María es analfabeta y su
sensibilidad así como sus predicciones —Wasson relata emocionado lo que
certeramente predijo acerca de su hijo residente en Estados Unidos y a quien no
conocía de nada— radica absolutamente en el mundo de la magia. La magia azteca
que hunde sus raíces en Quetzacoatl, Tlaloc y los dioses crueles, y que llega,
en extraña metamorfosis, a empaparse de emoción cristiana. Los hongos se
presentan ahora ante María como niños: Niñas con violines y trompetas, niños
que cantan y bailan a su alrededor. El tema de la pureza sigue obsesionante.

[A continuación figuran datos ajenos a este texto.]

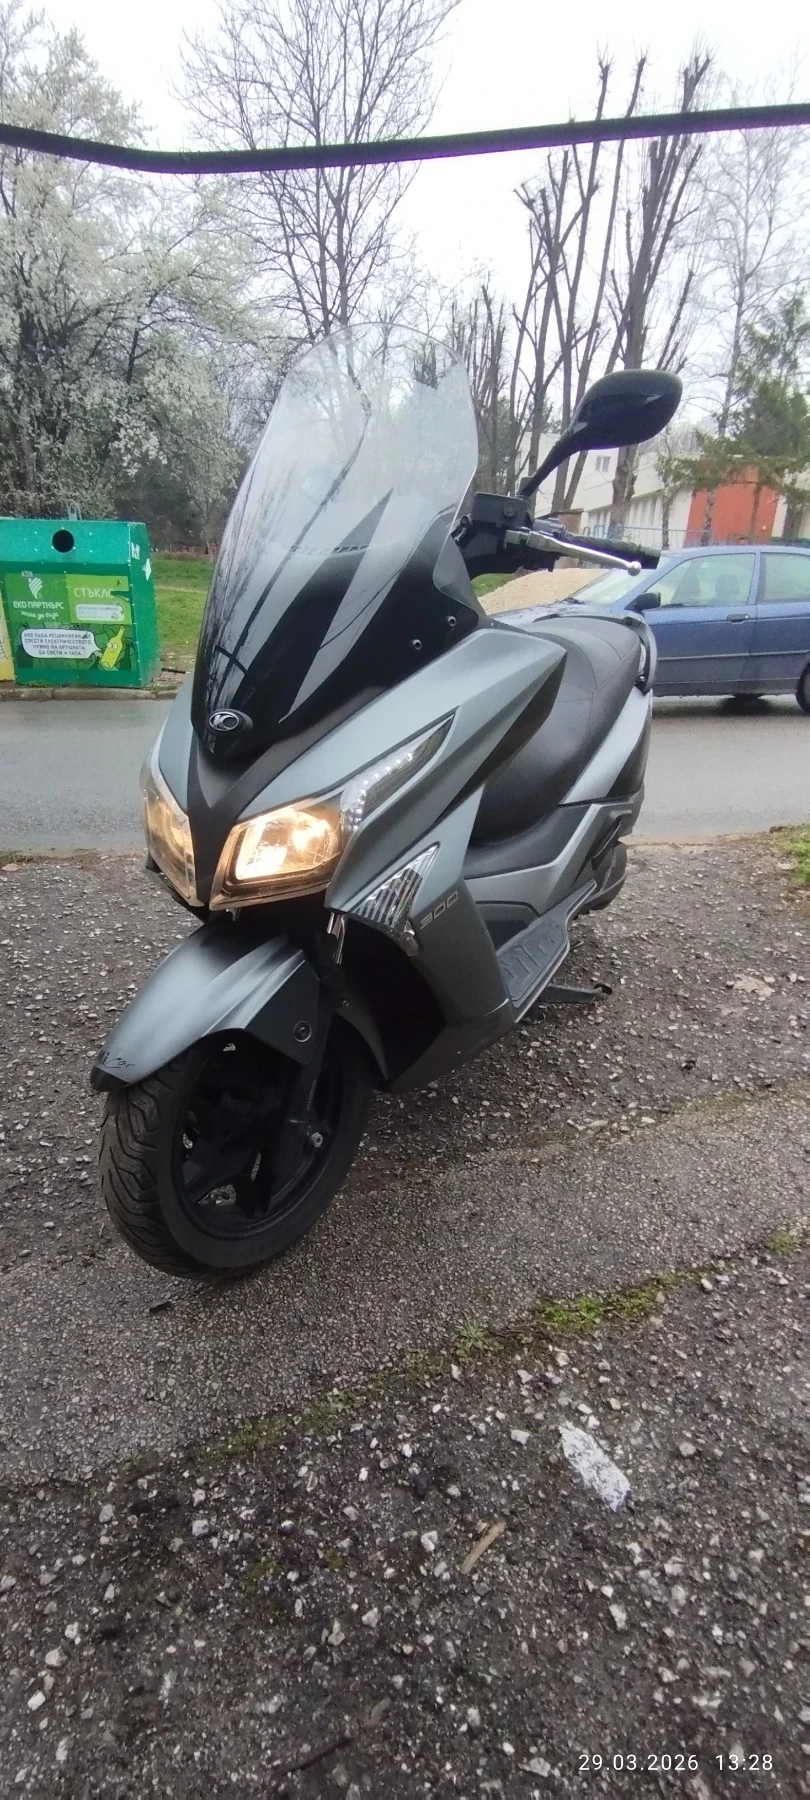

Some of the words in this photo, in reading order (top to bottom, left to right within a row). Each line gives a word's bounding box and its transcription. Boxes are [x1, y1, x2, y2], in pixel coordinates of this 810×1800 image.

“Soy una mujer limpia — El pájaro me limpia —
El libro me limpia — Flores que limpian mientras ando — Agua que limpia —
Porque no tengo basura — Porque no tengo saliva — Porque no tengo polvo —
Porque él no tiene — Porque ésta es la obra de los santos — No tengo oídos — No
tengo pezones.”
De pronto en el éxtasis,
una afirmación rotunda:
“Soy conocida en él cielo
Dios me conoce.”
Para
terminar con poética y desgarrada tristeza indiana:
“Oye luna
Oye
mujer-cruz del Sur
Oye
estrella de la mañana.
Ven.
Cómo
podremos descansar
Estamos
fatigados
Aún
no llega el día...”
Las
palabras, como los remedios y los avisos, brotan creadas por hongos, como
brotan éstos en el “humus” tras las
redondas lluvias del otoño. Existe un lado místico y otro concreto y real de “viaje al cielo” que lleva a los trances
aberrantes, en palabras de Mircea Eliade, que también estudia este fenómeno[2].
Al
final será la Invocación al Espíritu Santo, “su guía y su fuerza, que la conducirá a la reglón de las muertes y le
descorrerá el velo que oculta el porvenir”.
El
doctor Fernando Benítez nos relata en el apasionante libro, ya citado, “Los Hongos Alucinantes”, su personal
experiencia con el 'ntl1 sí3 tbo3 “el que brota” en metáfora mística (en
lengua mazate 1 es el sonido más elevado y 4 el más bajo, el apóstrofe
representa una pausa glótica).
Fue
una experiencia atroz, de la que salió dolorido y deslumbrado, azotado y
lúcido, cargado de electricidad y ligero como una paloma. ¡Qué extraordinaria
nueva “Pipa de Kif” escribiría don
Ramón del Valle Inclán de haber conocido esta experiencia, o, mejor, qué nueva
“Lámpara Maravillosa”! Benitez vio en
color el mundo pasado y presente. El futuro se le presentó terrible, como
visión de Patmos. Viajó por espacios siderales entre músicas lucidísimas. Se
vio, temblando, dentro del punto Omega del P. Teilhard de Chardin. Vio el “Aleph”, de Borges, desvelando
tremendamente el secreto de la vida en segundos. Vio jardines y lagos de
ensueño. Estuvo en las más altas cumbres del éxtasis y descendió a Infiernos
abominables, con viboritas onduladas de ojos verdes y rojos que pinchaban como
alfileres: Un mundo filiforme, de gelatina blanca, de pólipos, de gusanos entre
un hervidor de podredumbre.
Los
mismos gusanos que nos describe fray Toribio de Motolinia en el XVI, al hablar
así de estos hongos: “y de allí a poco
veían mil visiones y en especial culebras; y como sallan fuera de todo
sentimiento, parecíales que las piernas y el cuerpo tenían llenas de gusanos
que los comían vivos”.
Conoció
los volcanes y las estrellas más remotas y hermosas, el Cielo y el abismo, la
pureza y la abyección. Amó en las cimas que el éxtasis invade, rió, lloró y
sufrió inmensamente. Nos lo cuenta aún temblando...
José María Castroviejo
ABC,
10 de octubre de 1965, pp. 39, 43 y 47.
[1] Valentina Pavlovna Waason y R.
Gordon Wasson, son autores de otra monumental obra en dos tomos: “Mushrooms,
Russia and History”, publicada en 1957 por el Pantheon Books de Nueva York. Los
aspectos etnológicos y lingüísticos de los hongos de México se encuentran ya
tratados en dos capítulos de este extraordinario libro al estudiar las posibles
migraciones de Siberia.
[2] Mircea Eliade, “El chamanismo y las técnicas arcaicas del
éxtasis”. Fondo de Cultura Económica. México. 1960.